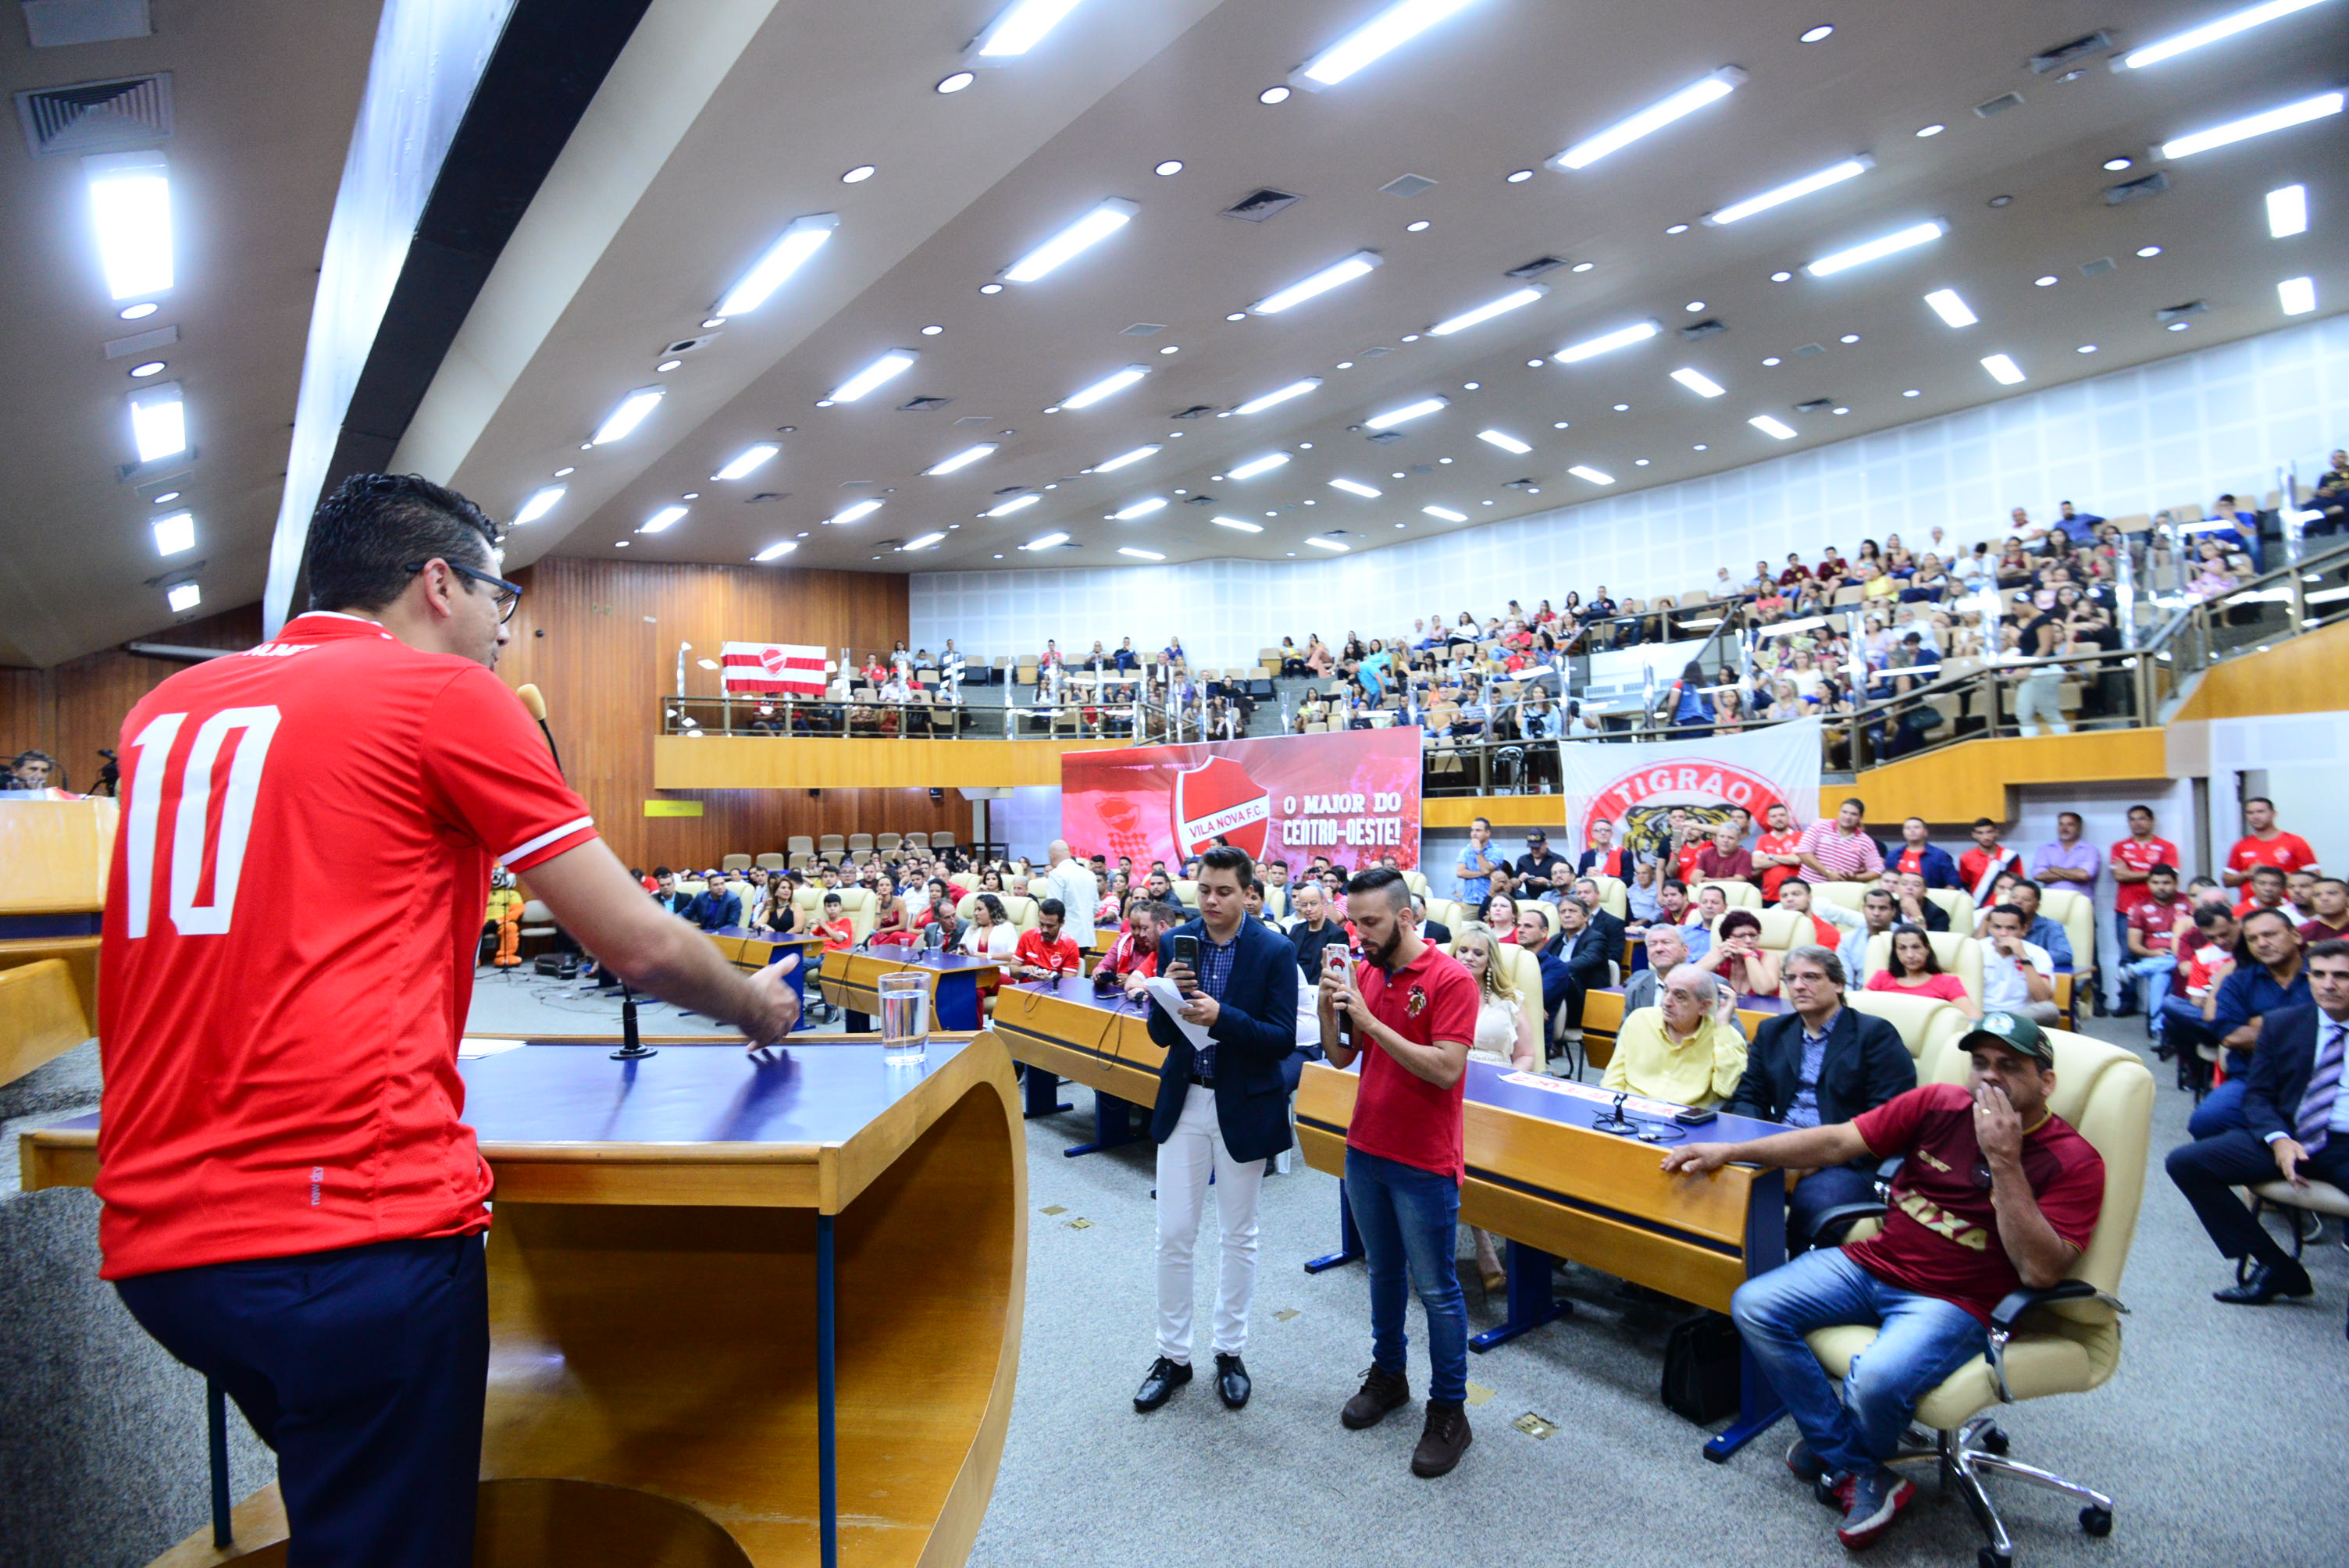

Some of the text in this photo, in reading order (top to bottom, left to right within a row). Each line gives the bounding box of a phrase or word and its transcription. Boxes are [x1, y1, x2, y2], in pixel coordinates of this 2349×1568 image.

[1613, 768, 1752, 807] TIGRÃO
[1283, 791, 1402, 814] O MAIOR DO
[127, 705, 282, 939] 10
[1189, 821, 1216, 838] VILA
[1216, 811, 1246, 829] NOVA
[1283, 818, 1401, 846] CENTRO-OESTE!
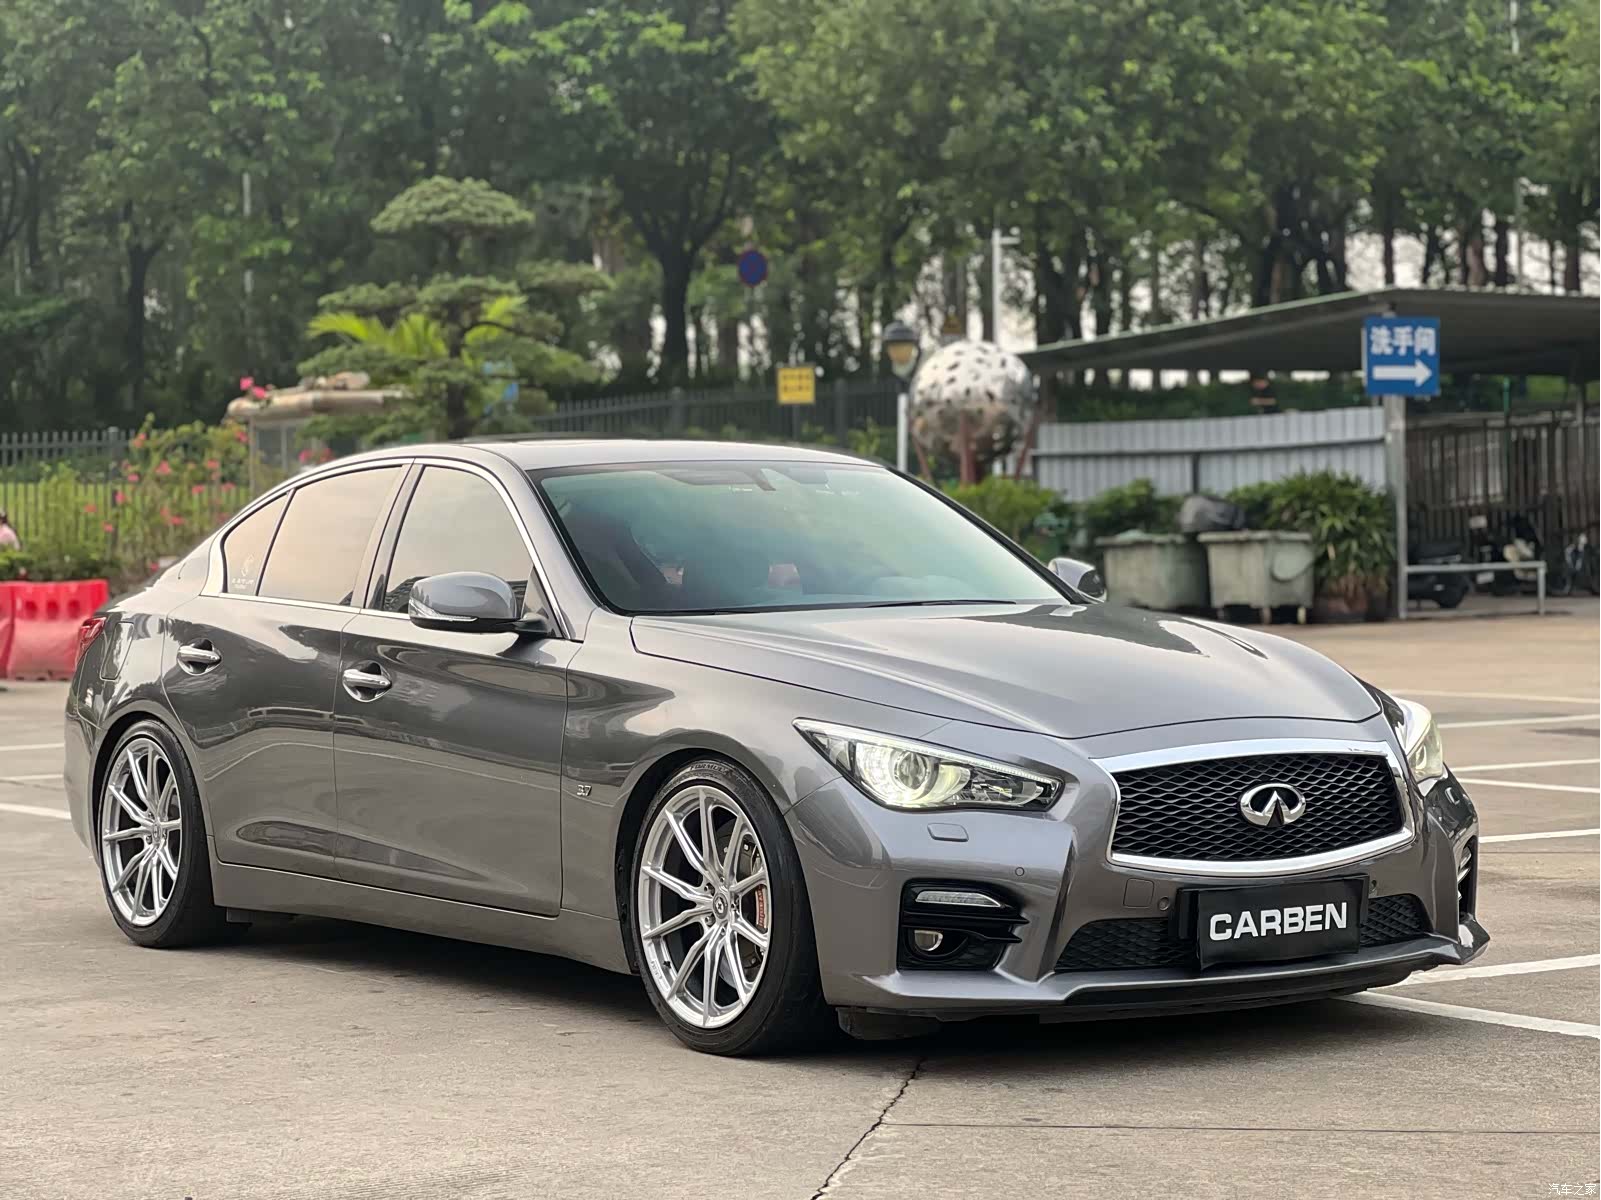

= = =

The expected response is every line of the material, written out exactly, with the images removed.

• **Task result**
Some of the text in this photo, in reading order (top to bottom, left to right within a row). Each line gives the bounding box of a phrase or word and its transcription. Boxes are [x1, y1, x2, y2], in pixel coordinates of this 2349×1568 image.

[1613, 768, 1752, 807] TIGRÃO
[1283, 791, 1402, 814] O MAIOR DO
[127, 705, 282, 939] 10
[1189, 821, 1216, 838] VILA
[1216, 811, 1246, 829] NOVA
[1283, 818, 1401, 846] CENTRO-OESTE!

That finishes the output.